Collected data
Start of Block
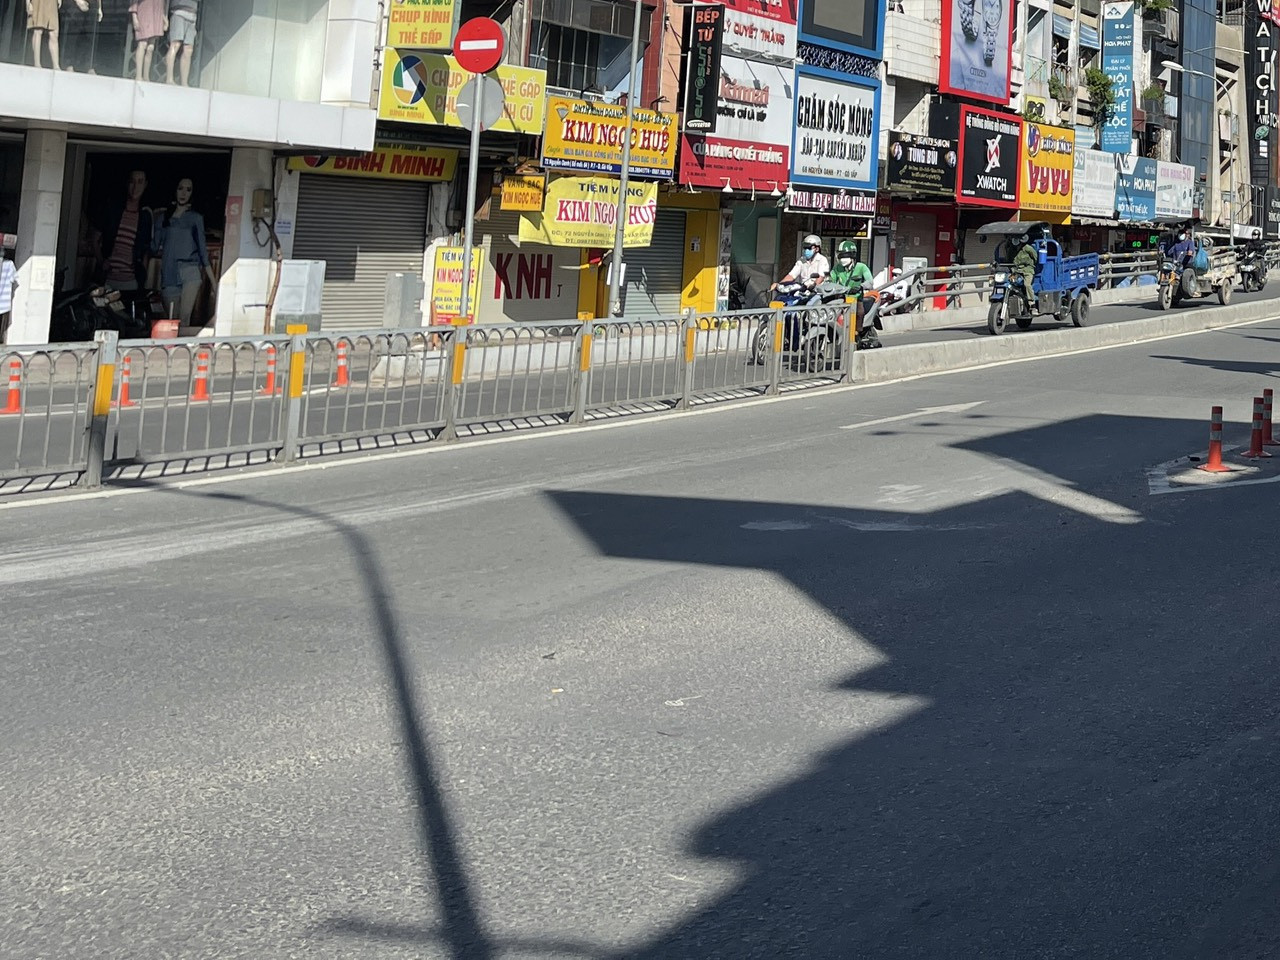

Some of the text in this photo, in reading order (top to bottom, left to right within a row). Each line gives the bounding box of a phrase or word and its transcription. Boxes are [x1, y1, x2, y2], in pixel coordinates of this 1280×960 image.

[391, 8, 450, 26] CHỤP HÌNH
[695, 7, 720, 23] BẾP
[399, 28, 442, 44] THẺ GẤP
[697, 26, 714, 41] TỪ
[733, 22, 758, 40] QUYẾT
[519, 76, 541, 98] GẤP
[1108, 73, 1127, 86] NỘI
[435, 95, 533, 122] PHỤ CŨ
[797, 93, 873, 138] CHĂM SÓC MÓNG
[1107, 117, 1127, 129] LỘC
[562, 119, 670, 157] KIM NGỌC HUỆ
[390, 154, 445, 176] MINH
[611, 186, 644, 197] VNG
[976, 175, 1007, 192] XWATCH
[502, 192, 541, 208] KIM NGỌC HUỆ
[792, 191, 812, 207] NAIL
[813, 193, 832, 211] ĐẸP
[556, 199, 591, 223] KIM
[441, 250, 456, 262] TIỆM
[494, 253, 553, 299] KNH
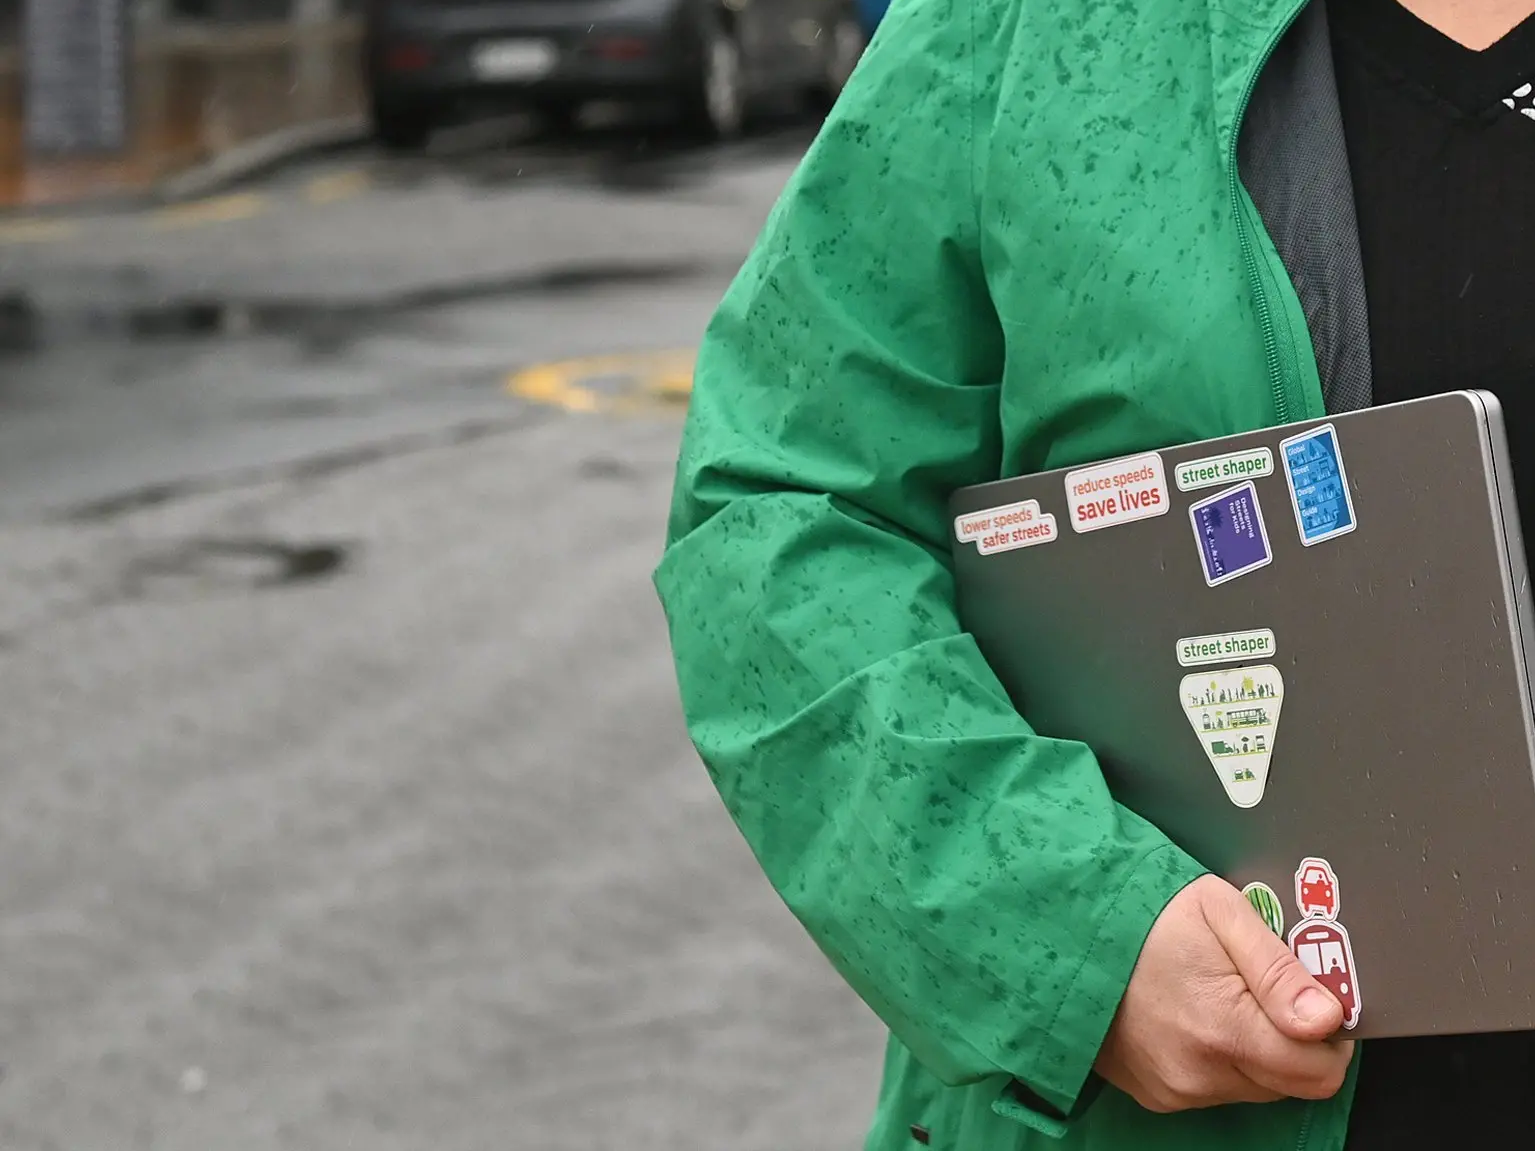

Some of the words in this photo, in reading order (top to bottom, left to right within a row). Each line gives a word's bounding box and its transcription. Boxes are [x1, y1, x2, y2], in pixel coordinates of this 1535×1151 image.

[1073, 477, 1111, 496] reduce
[1113, 465, 1154, 488] speeds
[1182, 463, 1220, 484] street
[1223, 457, 1266, 476] shaper
[1077, 497, 1117, 521] save
[1119, 488, 1160, 511] lives
[1234, 500, 1246, 530] Streets
[1240, 497, 1255, 538] Designing
[961, 519, 991, 535] lower
[993, 508, 1033, 529] speeds
[1232, 515, 1240, 534] Kids
[983, 531, 1010, 548] safer
[1012, 523, 1051, 542] streets
[1184, 640, 1222, 657] street
[1225, 637, 1269, 653] shaper
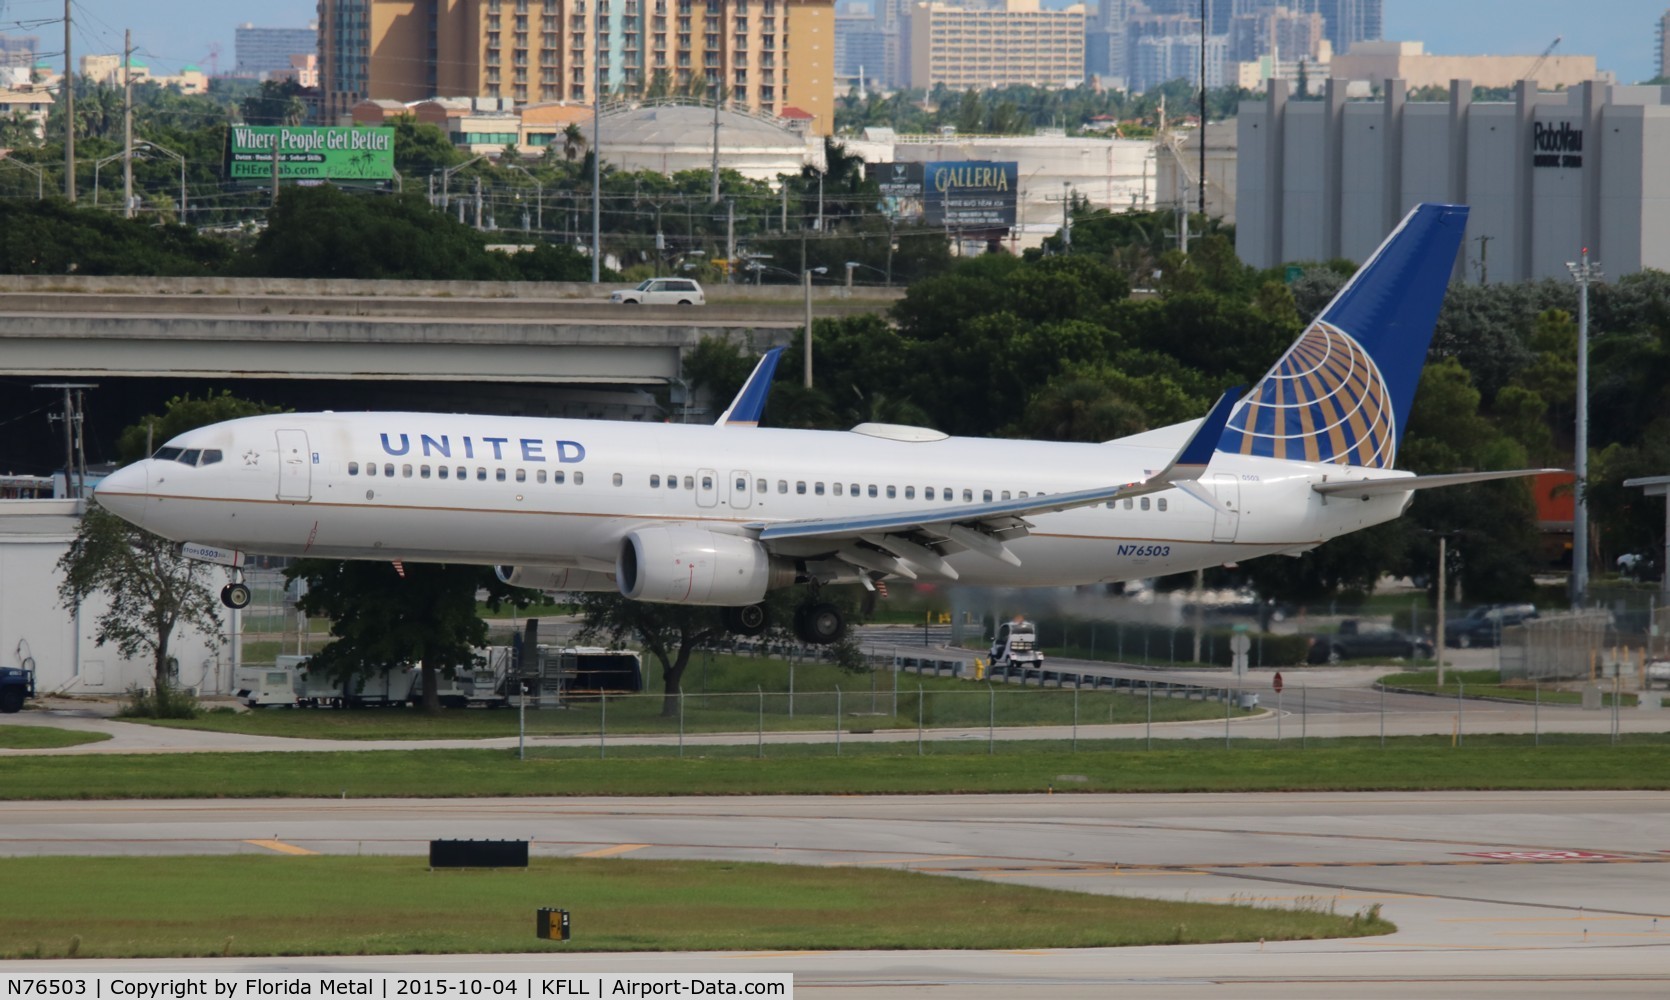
End of Block
DESCRIPTION OF THE TASK: Drop the pictures and reproduce the rest of the data exactly.

RESULT:
Some of the text in this photo, in reading order (top to bottom, left to right within a row). Each line gives the bounding box of a phrase or word and its transcription. Boxes are [x1, y1, x2, y2], in pixel coordinates of this 1280×960 image.

[391, 8, 450, 26] CHỤP HÌNH
[695, 7, 720, 23] BẾP
[399, 28, 442, 44] THẺ GẤP
[697, 26, 714, 41] TỪ
[733, 22, 758, 40] QUYẾT
[519, 76, 541, 98] GẤP
[1108, 73, 1127, 86] NỘI
[435, 95, 533, 122] PHỤ CŨ
[797, 93, 873, 138] CHĂM SÓC MÓNG
[1107, 117, 1127, 129] LỘC
[562, 119, 670, 157] KIM NGỌC HUỆ
[390, 154, 445, 176] MINH
[611, 186, 644, 197] VNG
[976, 175, 1007, 192] XWATCH
[502, 192, 541, 208] KIM NGỌC HUỆ
[792, 191, 812, 207] NAIL
[813, 193, 832, 211] ĐẸP
[556, 199, 591, 223] KIM
[441, 250, 456, 262] TIỆM
[494, 253, 553, 299] KNH

Some of the words in this photo, in reading order (top to bottom, left to right within a row). Each line gives a word's bounding box and its transcription. Boxes are [x1, y1, x2, y2], in pixel coordinates of this 1535×1151 image.

[1073, 477, 1111, 496] reduce
[1113, 465, 1154, 488] speeds
[1182, 463, 1220, 484] street
[1223, 457, 1266, 476] shaper
[1077, 497, 1117, 521] save
[1119, 488, 1160, 511] lives
[1234, 500, 1246, 530] Streets
[1240, 497, 1255, 538] Designing
[961, 519, 991, 535] lower
[993, 508, 1033, 529] speeds
[1232, 515, 1240, 534] Kids
[983, 531, 1010, 548] safer
[1012, 523, 1051, 542] streets
[1184, 640, 1222, 657] street
[1225, 637, 1269, 653] shaper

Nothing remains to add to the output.